O avanço dos modelos flexíveis de contratação vem transformando o mercado de trabalho brasileiro, mas ainda deixa uma parcela significativa dos profissionais sem acesso a benefícios tradicionalmente ligados ao emprego formal. Levantamento da HUG mostra que 60,3% dos freelancers e profissionais PJ afirmam não ter nenhum benefício estruturado, mesmo atuando de forma recorrente nesse modelo.

A pesquisa ouviu 73 profissionais das áreas de marketing, comunicação, gestão, dados, audiovisual e tecnologia e revela um mercado cada vez mais consolidado, mas que ainda enfrenta desafios de proteção social e planejamento de longo prazo.

Os dados mostram que o trabalho sob demanda já não é um fenômeno apenas temporário.

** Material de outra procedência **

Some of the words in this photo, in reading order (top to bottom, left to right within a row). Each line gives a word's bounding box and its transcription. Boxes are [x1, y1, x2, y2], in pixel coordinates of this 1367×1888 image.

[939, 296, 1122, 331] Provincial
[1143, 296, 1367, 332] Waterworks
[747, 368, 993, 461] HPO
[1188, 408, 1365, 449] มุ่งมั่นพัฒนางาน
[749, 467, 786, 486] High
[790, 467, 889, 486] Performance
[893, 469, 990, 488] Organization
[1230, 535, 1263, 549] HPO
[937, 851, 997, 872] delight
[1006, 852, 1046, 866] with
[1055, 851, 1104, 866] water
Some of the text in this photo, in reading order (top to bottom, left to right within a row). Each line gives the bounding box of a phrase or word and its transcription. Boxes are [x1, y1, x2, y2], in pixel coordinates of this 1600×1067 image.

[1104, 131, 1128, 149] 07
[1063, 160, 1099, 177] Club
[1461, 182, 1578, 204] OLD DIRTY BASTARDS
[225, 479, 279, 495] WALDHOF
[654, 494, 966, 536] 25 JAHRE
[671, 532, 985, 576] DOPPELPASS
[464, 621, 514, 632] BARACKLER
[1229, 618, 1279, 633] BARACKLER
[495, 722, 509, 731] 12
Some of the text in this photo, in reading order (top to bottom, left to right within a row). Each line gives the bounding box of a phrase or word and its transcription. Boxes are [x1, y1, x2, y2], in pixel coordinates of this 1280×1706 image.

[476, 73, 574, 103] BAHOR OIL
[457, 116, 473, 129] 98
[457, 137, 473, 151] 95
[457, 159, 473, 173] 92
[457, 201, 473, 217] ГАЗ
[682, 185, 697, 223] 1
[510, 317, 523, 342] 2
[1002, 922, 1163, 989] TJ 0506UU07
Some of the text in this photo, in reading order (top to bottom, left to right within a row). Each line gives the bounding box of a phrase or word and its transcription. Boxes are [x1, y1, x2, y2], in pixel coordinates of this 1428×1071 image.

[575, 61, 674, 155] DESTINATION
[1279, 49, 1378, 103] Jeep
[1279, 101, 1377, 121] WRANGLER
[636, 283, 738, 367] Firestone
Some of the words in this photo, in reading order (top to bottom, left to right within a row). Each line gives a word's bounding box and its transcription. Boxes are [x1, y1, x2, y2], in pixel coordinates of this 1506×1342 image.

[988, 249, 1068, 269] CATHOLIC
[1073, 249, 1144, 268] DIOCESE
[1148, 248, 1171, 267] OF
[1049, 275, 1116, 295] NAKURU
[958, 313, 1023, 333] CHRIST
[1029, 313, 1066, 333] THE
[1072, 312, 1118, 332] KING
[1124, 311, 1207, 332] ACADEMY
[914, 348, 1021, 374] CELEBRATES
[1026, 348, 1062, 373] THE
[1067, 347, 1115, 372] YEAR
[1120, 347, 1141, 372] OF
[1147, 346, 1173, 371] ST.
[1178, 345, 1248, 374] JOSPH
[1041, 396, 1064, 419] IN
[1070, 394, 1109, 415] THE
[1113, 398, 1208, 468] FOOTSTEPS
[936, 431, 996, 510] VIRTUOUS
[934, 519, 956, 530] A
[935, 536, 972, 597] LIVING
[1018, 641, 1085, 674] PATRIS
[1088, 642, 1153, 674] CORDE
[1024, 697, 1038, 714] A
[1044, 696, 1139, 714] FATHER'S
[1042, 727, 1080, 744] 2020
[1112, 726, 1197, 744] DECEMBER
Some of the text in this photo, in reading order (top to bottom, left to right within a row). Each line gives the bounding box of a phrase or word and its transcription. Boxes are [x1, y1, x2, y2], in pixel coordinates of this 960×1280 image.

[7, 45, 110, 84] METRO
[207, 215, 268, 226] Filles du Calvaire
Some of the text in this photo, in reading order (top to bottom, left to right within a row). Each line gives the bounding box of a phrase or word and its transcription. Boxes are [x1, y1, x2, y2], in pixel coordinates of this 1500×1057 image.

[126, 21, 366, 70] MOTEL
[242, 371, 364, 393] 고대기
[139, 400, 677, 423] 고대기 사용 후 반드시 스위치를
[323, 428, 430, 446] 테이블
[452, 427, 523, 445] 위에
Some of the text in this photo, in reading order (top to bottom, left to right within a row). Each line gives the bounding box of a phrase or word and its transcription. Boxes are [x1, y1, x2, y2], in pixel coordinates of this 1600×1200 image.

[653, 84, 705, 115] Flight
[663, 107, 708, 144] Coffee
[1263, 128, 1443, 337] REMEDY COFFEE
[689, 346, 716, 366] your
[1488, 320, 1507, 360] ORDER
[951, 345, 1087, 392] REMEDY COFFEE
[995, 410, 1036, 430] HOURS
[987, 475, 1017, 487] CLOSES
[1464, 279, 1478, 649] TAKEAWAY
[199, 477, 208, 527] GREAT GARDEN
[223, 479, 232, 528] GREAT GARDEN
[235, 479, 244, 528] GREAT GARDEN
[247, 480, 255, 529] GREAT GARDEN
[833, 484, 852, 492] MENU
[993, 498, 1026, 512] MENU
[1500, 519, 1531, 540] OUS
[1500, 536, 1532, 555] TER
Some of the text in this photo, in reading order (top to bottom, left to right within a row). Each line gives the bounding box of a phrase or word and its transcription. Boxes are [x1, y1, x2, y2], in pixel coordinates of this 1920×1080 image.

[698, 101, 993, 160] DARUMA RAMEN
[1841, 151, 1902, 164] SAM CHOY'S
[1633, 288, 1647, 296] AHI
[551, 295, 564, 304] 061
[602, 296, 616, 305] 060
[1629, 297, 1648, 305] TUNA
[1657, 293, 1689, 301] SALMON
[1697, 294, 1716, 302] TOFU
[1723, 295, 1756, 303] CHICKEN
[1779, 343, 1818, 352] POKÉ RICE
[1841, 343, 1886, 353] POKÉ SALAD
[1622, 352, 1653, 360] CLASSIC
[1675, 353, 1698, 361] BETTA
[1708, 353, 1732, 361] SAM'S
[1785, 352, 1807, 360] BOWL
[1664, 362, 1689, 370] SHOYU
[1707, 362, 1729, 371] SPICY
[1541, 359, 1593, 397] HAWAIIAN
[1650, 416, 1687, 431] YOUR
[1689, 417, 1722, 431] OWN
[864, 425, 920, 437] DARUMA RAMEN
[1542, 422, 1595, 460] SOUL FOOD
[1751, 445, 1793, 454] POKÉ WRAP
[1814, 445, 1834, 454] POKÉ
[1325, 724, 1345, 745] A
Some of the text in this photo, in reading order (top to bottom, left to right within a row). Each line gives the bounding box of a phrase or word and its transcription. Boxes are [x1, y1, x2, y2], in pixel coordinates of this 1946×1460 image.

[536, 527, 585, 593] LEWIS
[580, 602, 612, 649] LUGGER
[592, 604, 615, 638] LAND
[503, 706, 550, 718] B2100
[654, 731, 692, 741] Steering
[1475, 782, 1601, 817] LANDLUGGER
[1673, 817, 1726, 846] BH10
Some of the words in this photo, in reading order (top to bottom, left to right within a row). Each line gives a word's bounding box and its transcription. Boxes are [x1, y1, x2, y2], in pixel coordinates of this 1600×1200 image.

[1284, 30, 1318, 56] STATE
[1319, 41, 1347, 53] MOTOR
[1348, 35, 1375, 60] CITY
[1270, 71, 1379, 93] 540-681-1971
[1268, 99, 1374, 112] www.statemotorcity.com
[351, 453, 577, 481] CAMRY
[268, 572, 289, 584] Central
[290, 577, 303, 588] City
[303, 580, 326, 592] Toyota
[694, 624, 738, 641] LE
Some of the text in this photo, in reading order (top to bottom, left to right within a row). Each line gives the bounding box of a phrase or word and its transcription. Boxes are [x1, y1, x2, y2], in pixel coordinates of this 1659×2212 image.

Entre os entrevistados, 76,8% atuam como freelancer ou PJ há mais de um ano e quase metade (49,3%) está nesse modelo há mais de quatro anos.

Apesar da consolidação, poucos conseguem reproduzir a estrutura de benefícios da contratação tradicional. Apenas 17,8% afirmam ter plano de saúde próprio e 13,7% dizem manter reserva financeira para férias. Previdência privada, programas de capacitação e outros benefícios aparecem com participação ainda menor.

Para Gustavo Loureiro Gomes, fundador e CEO da HUG, o dado revela uma das principais transformações do mercado atual: "O modelo PJ deixou de ser algo temporário para muitos profissionais. Hoje existe uma parcela significativa de pessoas que construiu sua carreira dentro desse formato. O desafio agora não é apenas gerar oportunidades de trabalho, mas criar mecanismos que tragam mais segurança e sustentabilidade para essas trajetórias", afirma.

Nova relação com a CLT

A pesquisa também mostra que a relação dos profissionais com o emprego formal mudou. Questionados sobre o que os faria voltar à CLT, a principal resposta foi um salário significativamente superior à renda atual, apontada por 27,4%. Na sequência aparecem fatores ligados à qualidade de vida e à flexibilidade: 24,7% citam a possibilidade de trabalho remoto e flexível, 21,9% mencionam estabilidade financeira em momentos específicos da vida e 17,8% citam acesso a benefícios como saúde e previdência.

Na avaliação da HUG, os dados indicam que o debate sobre o futuro do trabalho deixou de ser uma escolha entre CLT e PJ e passou a envolver a construção de modelos híbridos, que conciliem autonomia profissional com mecanismos de proteção e desenvolvimento de carreira. "O mercado amadureceu. A discussão agora não é mais sobre escolher entre flexibilidade ou estabilidade. O desafio está em construir estruturas capazes de oferecer os dois elementos ao mesmo tempo", afirma Gustavo.

Trabalho sob demanda, mas duradouro

O levantamento mostra ainda que o trabalho sob demanda tem sido sustentado por relações cada vez mais duradouras com clientes. Hoje, 38,4% dos entrevistados atuam em modelo híbrido, combinando projetos pontuais, contratos recorrentes e clientes de longo prazo, enquanto 26% mantêm contratos longos com um ou dois clientes principais.

Para a HUG, o cenário reforça a profissionalização do mercado de talentos independentes e indica que empresas e profissionais caminham para relações mais estruturadas e menos baseadas em demandas esporádicas. "O profissional PJ não busca apenas novas oportunidades de trabalho, mas também desenvolvimento, segurança e uma rede de apoio para sustentar sua carreira no longo prazo", conclui Gustavo.